Read the data below. Then repeat all of it exactly.
'''
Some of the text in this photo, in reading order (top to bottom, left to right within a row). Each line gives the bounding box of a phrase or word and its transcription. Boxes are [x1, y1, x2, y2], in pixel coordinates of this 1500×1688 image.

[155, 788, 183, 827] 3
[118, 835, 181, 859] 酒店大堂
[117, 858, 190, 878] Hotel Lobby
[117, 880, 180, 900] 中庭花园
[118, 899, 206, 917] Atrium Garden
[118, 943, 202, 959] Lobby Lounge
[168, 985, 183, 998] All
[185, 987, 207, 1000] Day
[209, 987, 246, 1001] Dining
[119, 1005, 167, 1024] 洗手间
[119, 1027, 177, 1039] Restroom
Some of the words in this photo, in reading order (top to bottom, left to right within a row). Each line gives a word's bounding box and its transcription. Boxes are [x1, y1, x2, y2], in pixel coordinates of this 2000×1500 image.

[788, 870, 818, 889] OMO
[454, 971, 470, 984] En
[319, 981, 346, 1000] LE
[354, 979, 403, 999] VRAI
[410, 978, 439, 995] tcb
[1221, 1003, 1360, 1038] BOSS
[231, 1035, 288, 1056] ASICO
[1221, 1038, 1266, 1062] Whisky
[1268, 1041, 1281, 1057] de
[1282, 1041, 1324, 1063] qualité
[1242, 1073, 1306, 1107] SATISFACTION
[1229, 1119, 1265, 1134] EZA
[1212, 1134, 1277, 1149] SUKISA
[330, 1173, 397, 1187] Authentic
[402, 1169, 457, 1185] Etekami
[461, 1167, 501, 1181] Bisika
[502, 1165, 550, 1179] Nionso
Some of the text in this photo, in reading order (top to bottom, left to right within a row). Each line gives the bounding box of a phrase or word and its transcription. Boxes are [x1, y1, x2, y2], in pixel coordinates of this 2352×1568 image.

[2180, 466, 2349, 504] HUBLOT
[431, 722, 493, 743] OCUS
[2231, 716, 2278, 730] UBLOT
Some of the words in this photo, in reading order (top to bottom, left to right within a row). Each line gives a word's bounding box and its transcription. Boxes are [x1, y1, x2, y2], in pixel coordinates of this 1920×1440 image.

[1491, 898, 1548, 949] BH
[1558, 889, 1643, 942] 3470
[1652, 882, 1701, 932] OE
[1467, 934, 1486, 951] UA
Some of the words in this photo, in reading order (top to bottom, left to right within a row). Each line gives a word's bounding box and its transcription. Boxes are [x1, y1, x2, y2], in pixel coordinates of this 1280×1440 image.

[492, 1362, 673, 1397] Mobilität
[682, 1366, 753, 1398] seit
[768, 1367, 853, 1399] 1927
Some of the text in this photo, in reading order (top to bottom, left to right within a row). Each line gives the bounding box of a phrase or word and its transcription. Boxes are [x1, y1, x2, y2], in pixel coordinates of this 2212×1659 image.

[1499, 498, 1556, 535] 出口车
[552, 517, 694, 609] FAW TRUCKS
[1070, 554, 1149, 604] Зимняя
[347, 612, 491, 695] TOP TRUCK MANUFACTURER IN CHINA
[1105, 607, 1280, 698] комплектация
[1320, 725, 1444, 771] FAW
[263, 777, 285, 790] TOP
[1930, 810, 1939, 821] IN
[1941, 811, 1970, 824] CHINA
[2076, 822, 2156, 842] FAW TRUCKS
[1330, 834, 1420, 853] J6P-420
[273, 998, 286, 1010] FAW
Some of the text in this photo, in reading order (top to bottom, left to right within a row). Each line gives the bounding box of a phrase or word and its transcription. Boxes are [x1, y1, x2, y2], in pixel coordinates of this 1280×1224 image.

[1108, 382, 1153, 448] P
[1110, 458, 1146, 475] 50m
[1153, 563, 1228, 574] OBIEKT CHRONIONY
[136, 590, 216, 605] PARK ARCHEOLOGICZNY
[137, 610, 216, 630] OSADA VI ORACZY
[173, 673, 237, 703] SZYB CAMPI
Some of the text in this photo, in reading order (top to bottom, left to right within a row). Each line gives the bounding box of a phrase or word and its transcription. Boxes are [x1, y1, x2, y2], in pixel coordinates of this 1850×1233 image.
'''
**Response for this exercise**
Some of the text in this photo, in reading order (top to bottom, left to right within a row). Each line gives the bounding box of a phrase or word and its transcription. Boxes are [x1, y1, x2, y2], in pixel coordinates of this 1500×1688 image.

[155, 788, 183, 827] 3
[118, 835, 181, 859] 酒店大堂
[117, 858, 190, 878] Hotel Lobby
[117, 880, 180, 900] 中庭花园
[118, 899, 206, 917] Atrium Garden
[118, 943, 202, 959] Lobby Lounge
[168, 985, 183, 998] All
[185, 987, 207, 1000] Day
[209, 987, 246, 1001] Dining
[119, 1005, 167, 1024] 洗手间
[119, 1027, 177, 1039] Restroom
Some of the words in this photo, in reading order (top to bottom, left to right within a row). Each line gives a word's bounding box and its transcription. Boxes are [x1, y1, x2, y2], in pixel coordinates of this 2000×1500 image.

[788, 870, 818, 889] OMO
[454, 971, 470, 984] En
[319, 981, 346, 1000] LE
[354, 979, 403, 999] VRAI
[410, 978, 439, 995] tcb
[1221, 1003, 1360, 1038] BOSS
[231, 1035, 288, 1056] ASICO
[1221, 1038, 1266, 1062] Whisky
[1268, 1041, 1281, 1057] de
[1282, 1041, 1324, 1063] qualité
[1242, 1073, 1306, 1107] SATISFACTION
[1229, 1119, 1265, 1134] EZA
[1212, 1134, 1277, 1149] SUKISA
[330, 1173, 397, 1187] Authentic
[402, 1169, 457, 1185] Etekami
[461, 1167, 501, 1181] Bisika
[502, 1165, 550, 1179] Nionso
Some of the text in this photo, in reading order (top to bottom, left to right within a row). Each line gives the bounding box of a phrase or word and its transcription. Boxes are [x1, y1, x2, y2], in pixel coordinates of this 2352×1568 image.

[2180, 466, 2349, 504] HUBLOT
[431, 722, 493, 743] OCUS
[2231, 716, 2278, 730] UBLOT
Some of the words in this photo, in reading order (top to bottom, left to right within a row). Each line gives a word's bounding box and its transcription. Boxes are [x1, y1, x2, y2], in pixel coordinates of this 1920×1440 image.

[1491, 898, 1548, 949] BH
[1558, 889, 1643, 942] 3470
[1652, 882, 1701, 932] OE
[1467, 934, 1486, 951] UA
Some of the words in this photo, in reading order (top to bottom, left to right within a row). Each line gives a word's bounding box and its transcription. Boxes are [x1, y1, x2, y2], in pixel coordinates of this 1280×1440 image.

[492, 1362, 673, 1397] Mobilität
[682, 1366, 753, 1398] seit
[768, 1367, 853, 1399] 1927
Some of the text in this photo, in reading order (top to bottom, left to right within a row). Each line gives the bounding box of a phrase or word and its transcription. Boxes are [x1, y1, x2, y2], in pixel coordinates of this 2212×1659 image.

[1499, 498, 1556, 535] 出口车
[552, 517, 694, 609] FAW TRUCKS
[1070, 554, 1149, 604] Зимняя
[347, 612, 491, 695] TOP TRUCK MANUFACTURER IN CHINA
[1105, 607, 1280, 698] комплектация
[1320, 725, 1444, 771] FAW
[263, 777, 285, 790] TOP
[1930, 810, 1939, 821] IN
[1941, 811, 1970, 824] CHINA
[2076, 822, 2156, 842] FAW TRUCKS
[1330, 834, 1420, 853] J6P-420
[273, 998, 286, 1010] FAW
Some of the text in this photo, in reading order (top to bottom, left to right within a row). Each line gives the bounding box of a phrase or word and its transcription. Boxes are [x1, y1, x2, y2], in pixel coordinates of this 1280×1224 image.

[1108, 382, 1153, 448] P
[1110, 458, 1146, 475] 50m
[1153, 563, 1228, 574] OBIEKT CHRONIONY
[136, 590, 216, 605] PARK ARCHEOLOGICZNY
[137, 610, 216, 630] OSADA VI ORACZY
[173, 673, 237, 703] SZYB CAMPI
Some of the text in this photo, in reading order (top to bottom, left to right within a row). Each line gives the bounding box of a phrase or word and its transcription. Boxes are [x1, y1, x2, y2], in pixel coordinates of this 1850×1233 image.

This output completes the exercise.